[Start of Attachment]

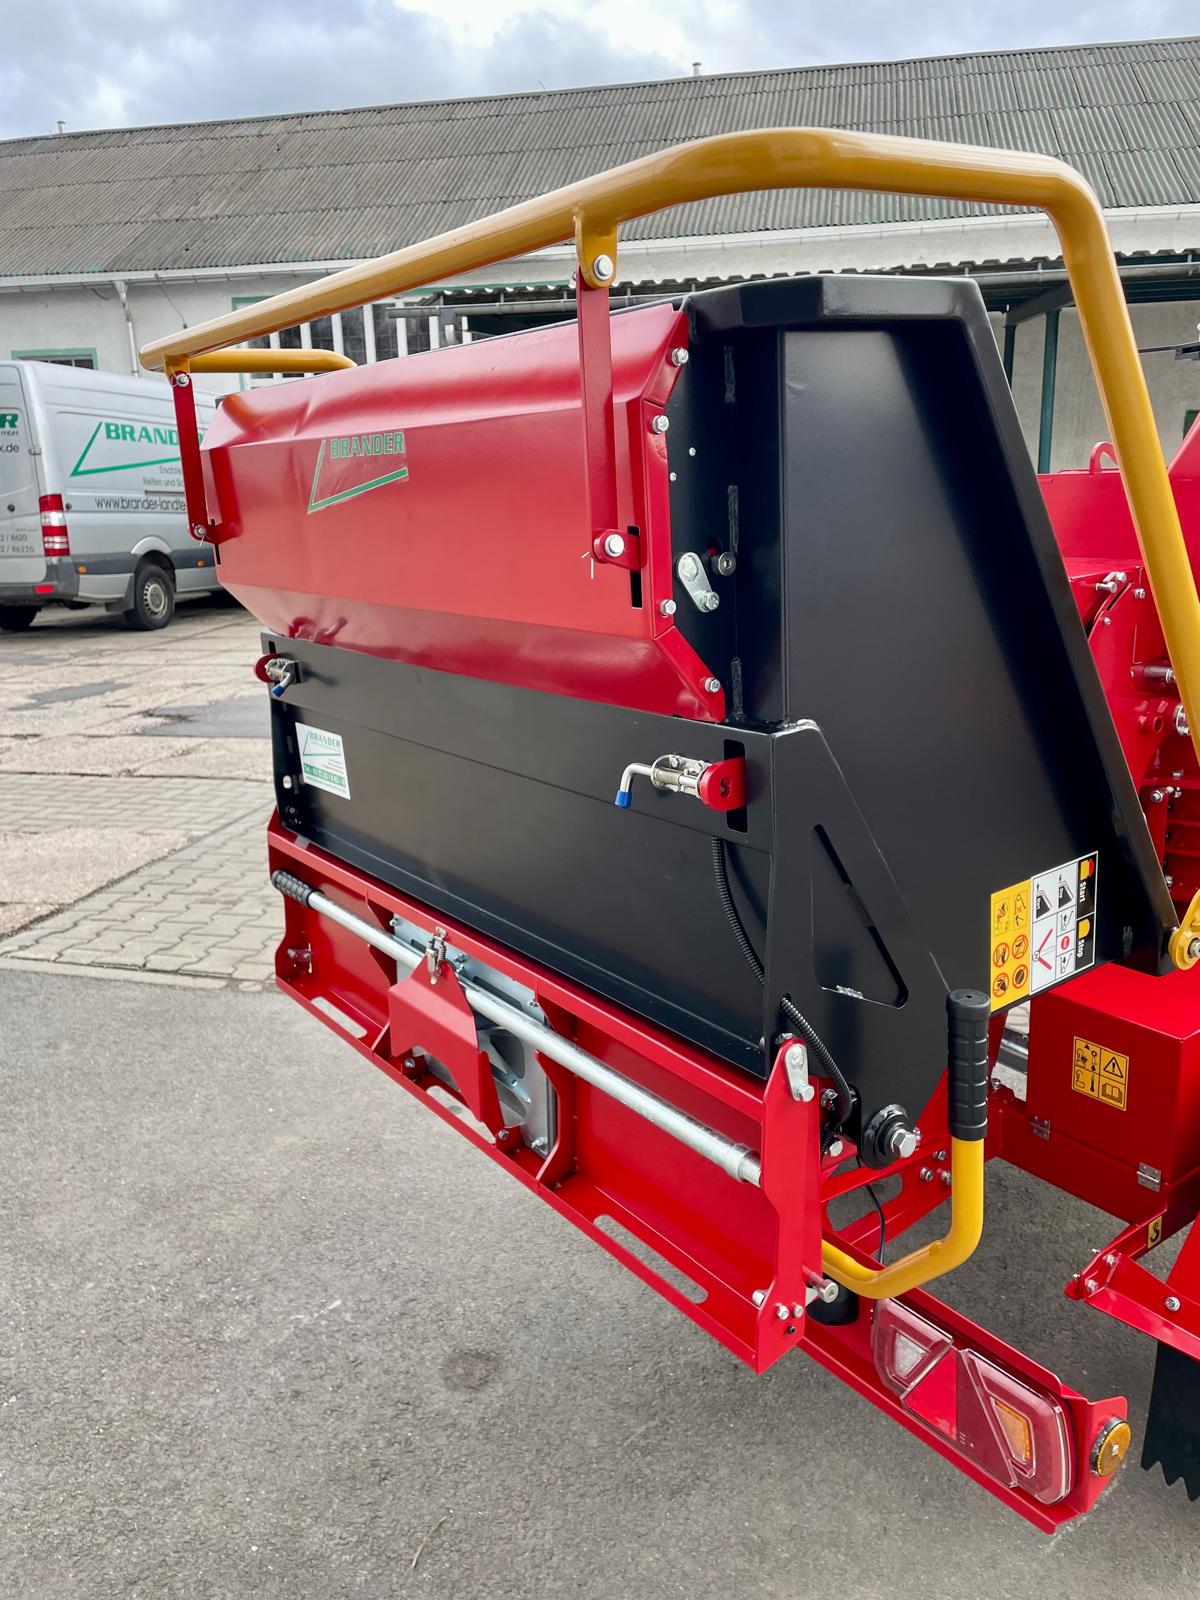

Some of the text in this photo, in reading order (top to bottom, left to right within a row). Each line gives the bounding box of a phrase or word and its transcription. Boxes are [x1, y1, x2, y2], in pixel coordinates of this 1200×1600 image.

[105, 422, 203, 446] BRAND
[330, 432, 405, 458] BRANDER
[309, 730, 341, 749] BRANDER
[1077, 939, 1085, 957] Stop

[End of Attachment]

Activity: Here the job is to print the data above exactly, except for any pictures.

Solution to this problem:
Some of the text in this photo, in reading order (top to bottom, left to right within a row). Each line gives the bounding box of a phrase or word and its transcription. Boxes are [x1, y1, x2, y2], in pixel coordinates of this 1200×1600 image.

[105, 422, 203, 446] BRAND
[330, 432, 405, 458] BRANDER
[309, 730, 341, 749] BRANDER
[1077, 939, 1085, 957] Stop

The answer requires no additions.